In general, lifestyle changes and risk perception both have an obvious influence on anxiety. Previous articles have mainly focused on the three traditional pillars of lifestyle changes and their associations with anxiety. In addition, few studies have discussed the associations between lifestyle changes, risk perception, and anxiety in the context of the COVID-19 pandemic, especially in China. Therefore, this paper exploring the relationship between individuals’ lifestyle changes, risk perception, and anxiety during the COVID-19 pandemic had theoretical implications. In addition, the findings of this paper would provide references for individuals and local governments to maintain a healthy lifestyle, weaken risk perception, and ease anxiety symptoms.

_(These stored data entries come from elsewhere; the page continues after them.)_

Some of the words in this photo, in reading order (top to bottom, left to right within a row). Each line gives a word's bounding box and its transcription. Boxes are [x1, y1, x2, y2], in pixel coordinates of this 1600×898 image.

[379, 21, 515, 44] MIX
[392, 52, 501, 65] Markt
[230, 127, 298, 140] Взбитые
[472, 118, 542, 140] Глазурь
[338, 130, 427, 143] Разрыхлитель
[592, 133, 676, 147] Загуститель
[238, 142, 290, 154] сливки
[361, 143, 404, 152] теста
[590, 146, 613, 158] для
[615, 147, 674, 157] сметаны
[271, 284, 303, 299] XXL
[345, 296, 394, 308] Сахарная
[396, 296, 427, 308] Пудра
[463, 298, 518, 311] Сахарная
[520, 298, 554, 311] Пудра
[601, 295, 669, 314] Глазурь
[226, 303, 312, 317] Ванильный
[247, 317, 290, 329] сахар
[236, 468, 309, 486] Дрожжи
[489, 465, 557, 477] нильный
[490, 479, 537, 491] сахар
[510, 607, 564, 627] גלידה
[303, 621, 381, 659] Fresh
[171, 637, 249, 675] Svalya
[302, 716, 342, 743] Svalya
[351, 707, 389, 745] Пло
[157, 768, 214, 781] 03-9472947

The aims of this paper are (1) to explore the associations between lifestyle changes, risk perception and anxiety, and (2) to find the significant factors that influence anxiety among groups with different levels of risk perception.
2. Materials and Methods
2.1. Study Areas
As the capital city of Shaanxi province, Xi’an is the ninth-largest Chinese city, with a population of about 13 million, and both a national and international transportation hub city. During the 40 days of the Spring Festival travel rush in 2022, 7.8 million passengers were delivered by the Xi’an railway system. Since the first reported case in Xi’an on 9 December 2021, the number of new cases per day reached a peak of 174 on 31 December 2021, about one month before the Chinese New Year. With the coming Spring Festival travel rush and the rapid spread of the COVID-19 Delta variant, Xi’an was caught in a very urgent situation. In response, it declared a lockdown on 23 December 2021. During that period, the government implemented compulsory measures such as containment, quarantine, community controls, a transition to online business, and school closures. Residents were obliged to stay at home unless they were able to take nucleic acid tests. Most residents did not need to go to the market to buy daily goods, which were supplied through unified community distribution to reduce infection via social contact. These measures proved to be effective, and Xi’an declared that it was open on 24 January 2022, one week before the Spring Festival. From outbreak to openness, Xi’an took one month to achieve zero daily new cases. The compulsory measures adopted in Xi’an during the lockdown period were similar to those in other cities. Thus, choosing Xi’an as a case study through which to explore the associations between lifestyle changes, risk perception, and anxiety is justified.
2.2. Questionnaire Design
The questionnaire, which was written in Chinese, consisted of five parts: individual and family information, lifestyle changes, risk perception, and anxiety status. The individual information included gender, age, occupation, net income, living status, work status (if they needed to work from home during lockdowns), and having special care groups (e.g., children under 6 years old, pregnant women, or chronic patients). Family information was collected by asking “How harmonious would you rate your family?” and “How crowded would you rate your house?” The questions were answered on a 5-point Likert scale.
Lifestyle changes encompassed dietary habits, physical activity, sleep, screen time, smoking and alcohol consumption, and interaction with neighbors. Changes in lifestyle behaviors were assessed using questions such as: “How did your dietary habits/physical activity/sleep/screen time/smoking and alcohol consumption habits/interaction with neighbors change during the lockdown period as compared to the pre-pandemic period?” with three possible answers: “became less healthy/frequently”, “no change” and “became healthier/frequently”. This paper assessed individuals’ risk perception of COVID-19 in Xi’an with the following question: “How serious was the COVID-19 pandemic in Xi’an compared to in Wuhan in 2019?” with the three choices of: “less serious than Wuhan (Lower Group)”, “as serious as Wuhan (Medium Group)”, and “more serious than Wuhan (Higher Group)”.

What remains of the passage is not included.